> INSTRUCTIONS TO FOLLOW: With the images left out, print every entry that follows exactly.

*** Opening of DATA SHOWN ***

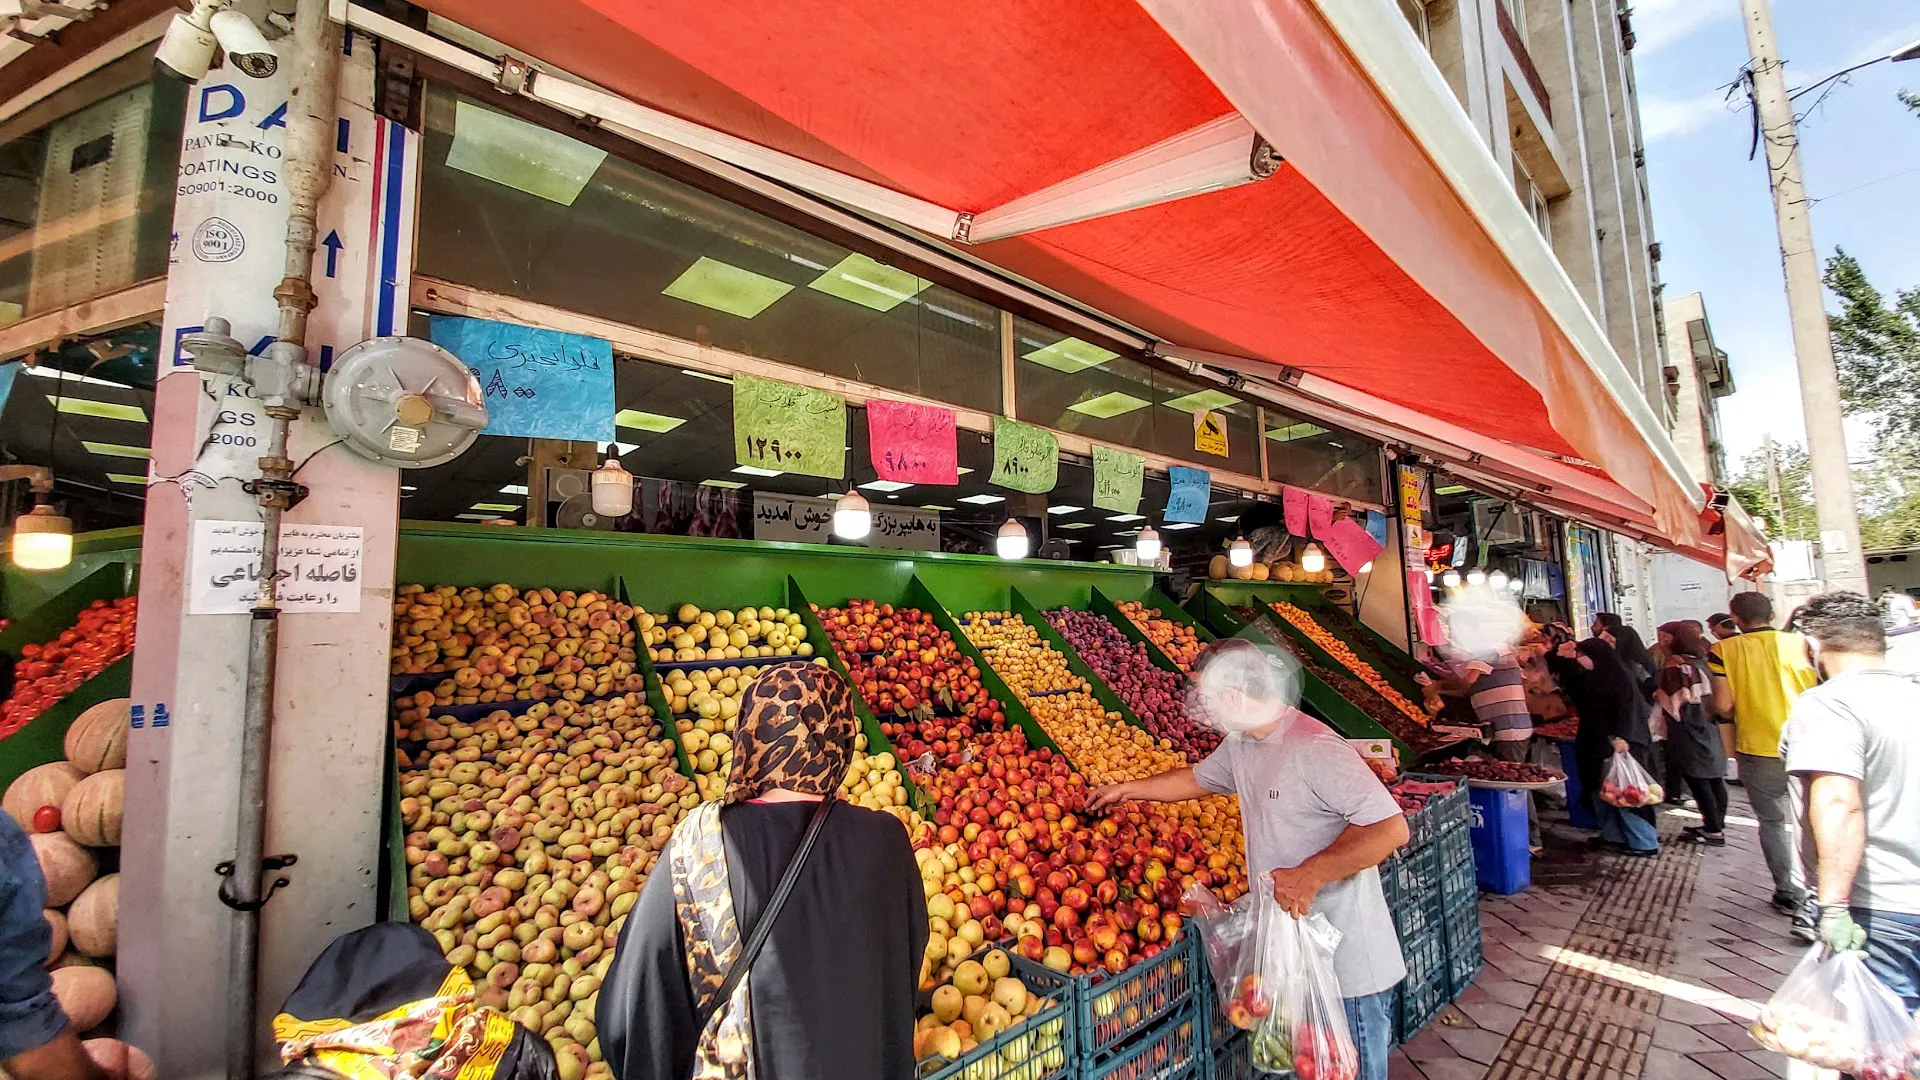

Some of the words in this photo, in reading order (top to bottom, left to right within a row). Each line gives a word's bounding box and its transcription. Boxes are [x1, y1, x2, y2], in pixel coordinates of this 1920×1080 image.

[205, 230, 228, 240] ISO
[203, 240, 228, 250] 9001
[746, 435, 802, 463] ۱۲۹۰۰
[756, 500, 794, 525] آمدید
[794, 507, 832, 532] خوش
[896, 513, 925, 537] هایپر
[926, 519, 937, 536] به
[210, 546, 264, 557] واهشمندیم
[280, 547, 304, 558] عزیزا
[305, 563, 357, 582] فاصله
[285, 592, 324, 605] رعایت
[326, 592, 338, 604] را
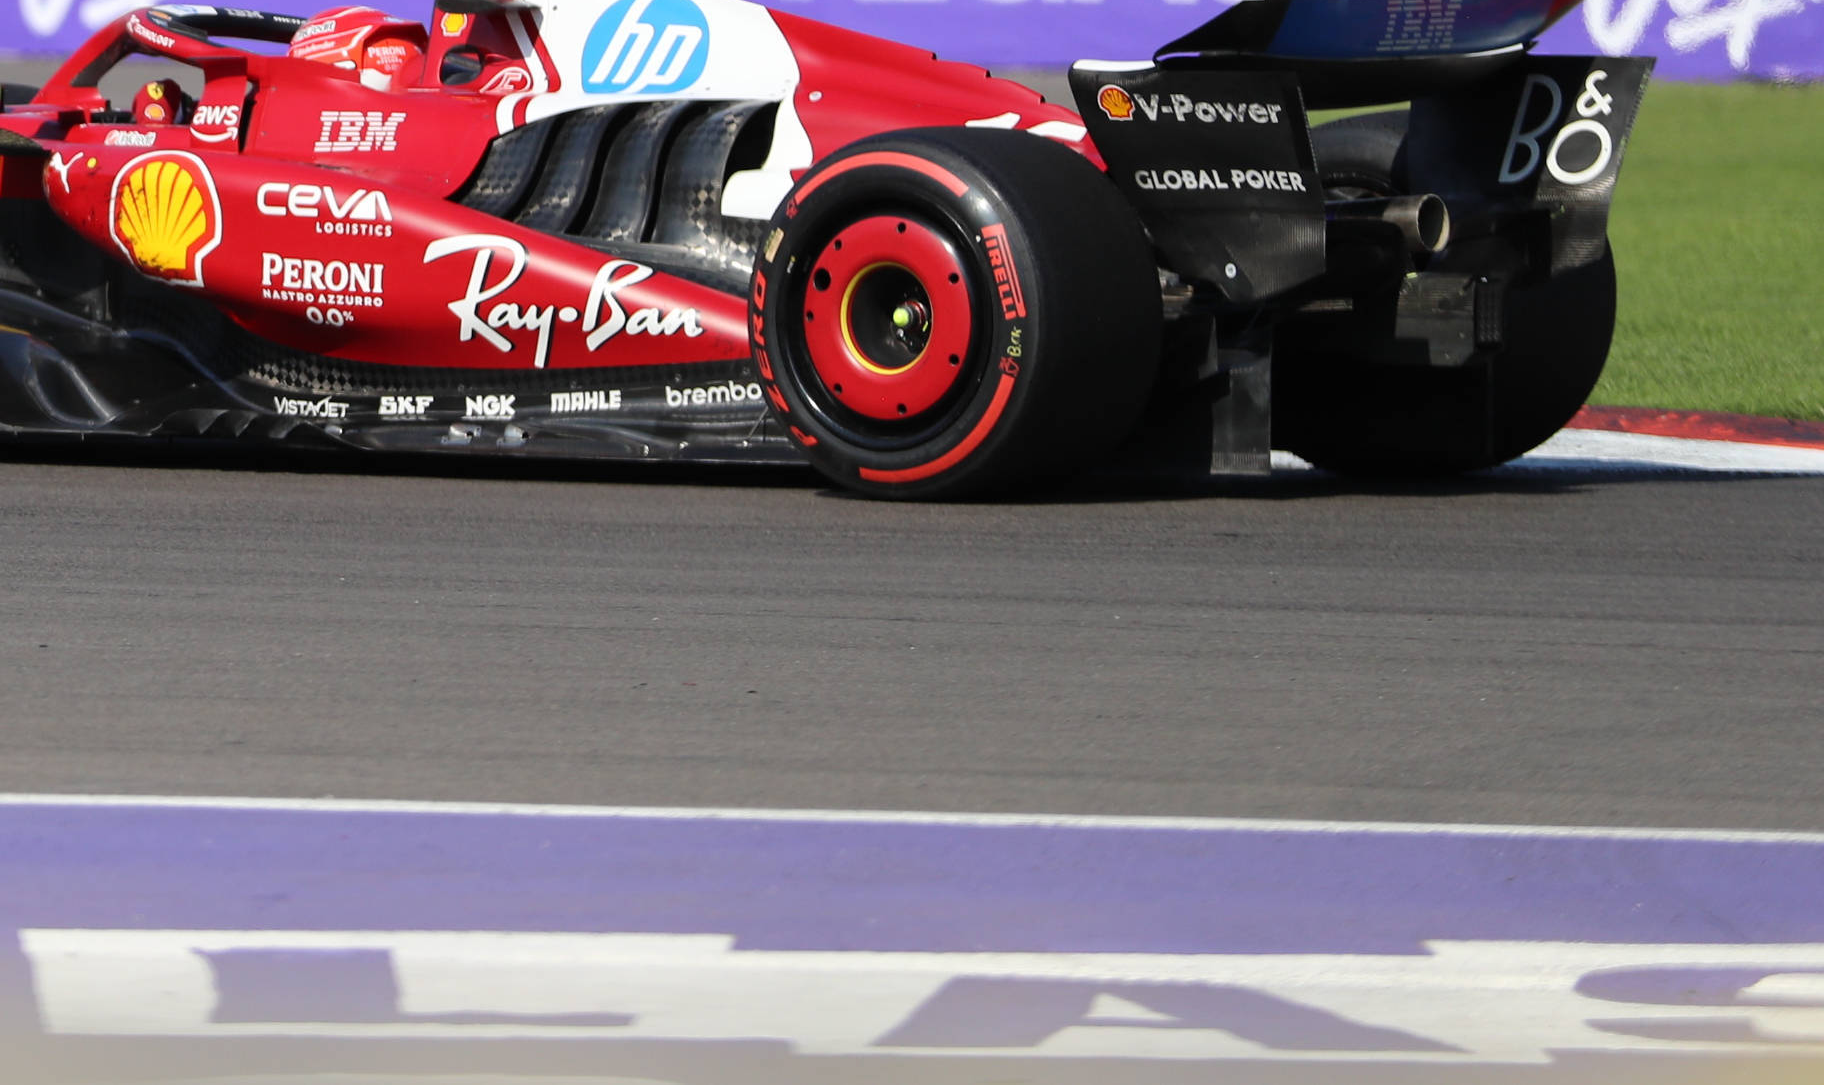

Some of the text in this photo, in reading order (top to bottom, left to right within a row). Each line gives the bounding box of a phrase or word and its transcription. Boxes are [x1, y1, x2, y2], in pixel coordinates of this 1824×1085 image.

*** Close of DATA SHOWN ***

> ANSWER TO THIS TASK:
Some of the words in this photo, in reading order (top to bottom, left to right within a row). Each line gives a word's bounding box and its transcription. Boxes are [x1, y1, x2, y2], in pixel coordinates of this 1920×1080 image.

[205, 230, 228, 240] ISO
[203, 240, 228, 250] 9001
[746, 435, 802, 463] ۱۲۹۰۰
[756, 500, 794, 525] آمدید
[794, 507, 832, 532] خوش
[896, 513, 925, 537] هایپر
[926, 519, 937, 536] به
[210, 546, 264, 557] واهشمندیم
[280, 547, 304, 558] عزیزا
[305, 563, 357, 582] فاصله
[285, 592, 324, 605] رعایت
[326, 592, 338, 604] را

Some of the text in this photo, in reading order (top to bottom, left to right within a row). Each line gives the bounding box of a phrase or word and its transcription. Boxes are [x1, y1, x2, y2], in pixel coordinates of this 1824×1085 image.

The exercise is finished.